- Born: 1959 (age 66–67) Hama, Syria
- Occupation: Lawyer
- Known for: Democracy activist, political prisoner
- Awards: Front Line Award for Human Rights Defenders at Risk (2008) German Association of Judges Human Rights Award (2009)

= Anwar al-Bunni =

Syrian human rights lawyer

Anwar al-Bunni (أنور البني, born 1959) is a Syrian human rights lawyer who has defended clients such as Riad al-Turk, Riad Seif, the owner of The Lamplighter, (an independent newspaper shut down by the Syrian government), Kurdish protesters, and "dozens of others."

Al-Bunni was born in Hama to a Christian family active in dissident leftist politics. According to an interview with American journalist Robin Wright, he became interested in defending dissidents after being beaten, bayonetted, and having his beard set on fire by Syrian soldiers during a military sweep of Hama in 1981. Wright describes him as having spent "most of his life" defending Syria's political dissidents, often pro bono, and having sold his automobile and office to pay his bills as a result. He was head of the short-lived European Union-funded human rights training centre in Syria called the Center for Legal Research and Studies until it was shut down by the government following his 2006 arrest.

Al-Bunni defended Damascus Spring activist Aref Dalila at his 2002 trial. After presenting a blood-stained handkerchief as evidence that Dalila had been beaten at the prison, he was ordered from the court by a judge and banned from practicing before the Supreme State Security Court.

== 2006–2011 imprisonment ==
In May 2006 he was detained by security forces after signing the Beirut-Damascus Declaration calling for democratic reform. A year later he was given a five-year sentence for "spreading false or exaggerated news that could weaken national morale, affiliating with an unlicensed political association with an international nature, discrediting state institutions and contacting a foreign country", according to his lawyer. He was also fined the equivalent of US$2,000 for operating the Center for Legal Research and Studies without government permission. Analysts described the sentence as more severe than those previously given for similar offenses, making it a "stark warning to the Syrian opposition".

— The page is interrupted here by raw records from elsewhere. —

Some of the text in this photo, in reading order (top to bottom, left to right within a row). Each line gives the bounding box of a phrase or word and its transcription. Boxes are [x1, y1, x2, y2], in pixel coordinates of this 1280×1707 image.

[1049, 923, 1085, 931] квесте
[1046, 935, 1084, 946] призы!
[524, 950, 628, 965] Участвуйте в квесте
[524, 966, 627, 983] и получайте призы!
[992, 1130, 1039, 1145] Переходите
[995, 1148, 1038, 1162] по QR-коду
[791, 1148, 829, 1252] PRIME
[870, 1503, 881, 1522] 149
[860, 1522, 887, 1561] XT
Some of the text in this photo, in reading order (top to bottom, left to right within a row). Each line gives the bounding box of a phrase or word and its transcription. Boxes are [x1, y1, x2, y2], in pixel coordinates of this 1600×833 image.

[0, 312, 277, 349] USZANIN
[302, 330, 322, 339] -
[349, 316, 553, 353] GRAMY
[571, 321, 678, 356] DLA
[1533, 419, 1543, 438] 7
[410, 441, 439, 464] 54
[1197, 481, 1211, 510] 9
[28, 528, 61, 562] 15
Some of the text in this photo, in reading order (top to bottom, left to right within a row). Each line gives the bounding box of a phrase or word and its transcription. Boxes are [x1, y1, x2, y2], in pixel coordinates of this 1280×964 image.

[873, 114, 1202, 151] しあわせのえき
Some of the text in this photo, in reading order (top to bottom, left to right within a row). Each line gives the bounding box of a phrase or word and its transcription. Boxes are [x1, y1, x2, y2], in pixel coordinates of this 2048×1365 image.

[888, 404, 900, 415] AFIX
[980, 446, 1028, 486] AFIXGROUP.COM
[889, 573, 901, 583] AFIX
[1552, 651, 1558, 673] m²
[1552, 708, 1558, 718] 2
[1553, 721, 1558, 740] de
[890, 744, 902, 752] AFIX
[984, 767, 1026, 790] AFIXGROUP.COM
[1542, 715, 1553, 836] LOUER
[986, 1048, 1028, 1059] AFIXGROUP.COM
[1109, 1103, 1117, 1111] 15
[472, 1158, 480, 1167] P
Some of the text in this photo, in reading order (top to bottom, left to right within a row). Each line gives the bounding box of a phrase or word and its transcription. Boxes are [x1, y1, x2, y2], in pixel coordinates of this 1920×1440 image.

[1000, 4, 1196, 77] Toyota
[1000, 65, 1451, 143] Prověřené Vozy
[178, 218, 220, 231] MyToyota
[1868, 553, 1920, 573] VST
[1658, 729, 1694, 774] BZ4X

Amnesty International designated him a prisoner of conscience, and U.S. President George W. Bush named al-Bunni in a speech as a political prisoner unfairly jailed by Syria.

After his release from prison in 2011, he continued to defend detainees.

==2012–present: exile in Germany ==
Al-Bunni escaped from Syria in 2012, shortly after the Houla massacre, and later sought political asylum in Germany.

In Germany, al-Bunni participated in the universal jurisdiction war crimes trial of Anwar Raslan and Eyad al-Gharib. In June 2020, he provided testimony as a witness on "the horrors and the bureaucratic structures of Assad's jails and torture chambers", based on his five years as a prisoner in Syria and from his legal experience in representing victims. Al-Bunni worked with prosecutors to help find witnesses willing to testify in the trial.

Al-Bunni is more broadly interested in promoting transitional justice.

== Awards ==
In 2008, al-Bunni received the Front Line Award for Human Rights Defenders at Risk. The following year he was awarded the Human Rights Award by the German Association of Judges., in 2018 he received the Franco-German Prize for 'Human Rights and the Rule of Law'.

Anwar features in Time Magazine's "The 100 Most Influential People of 2022".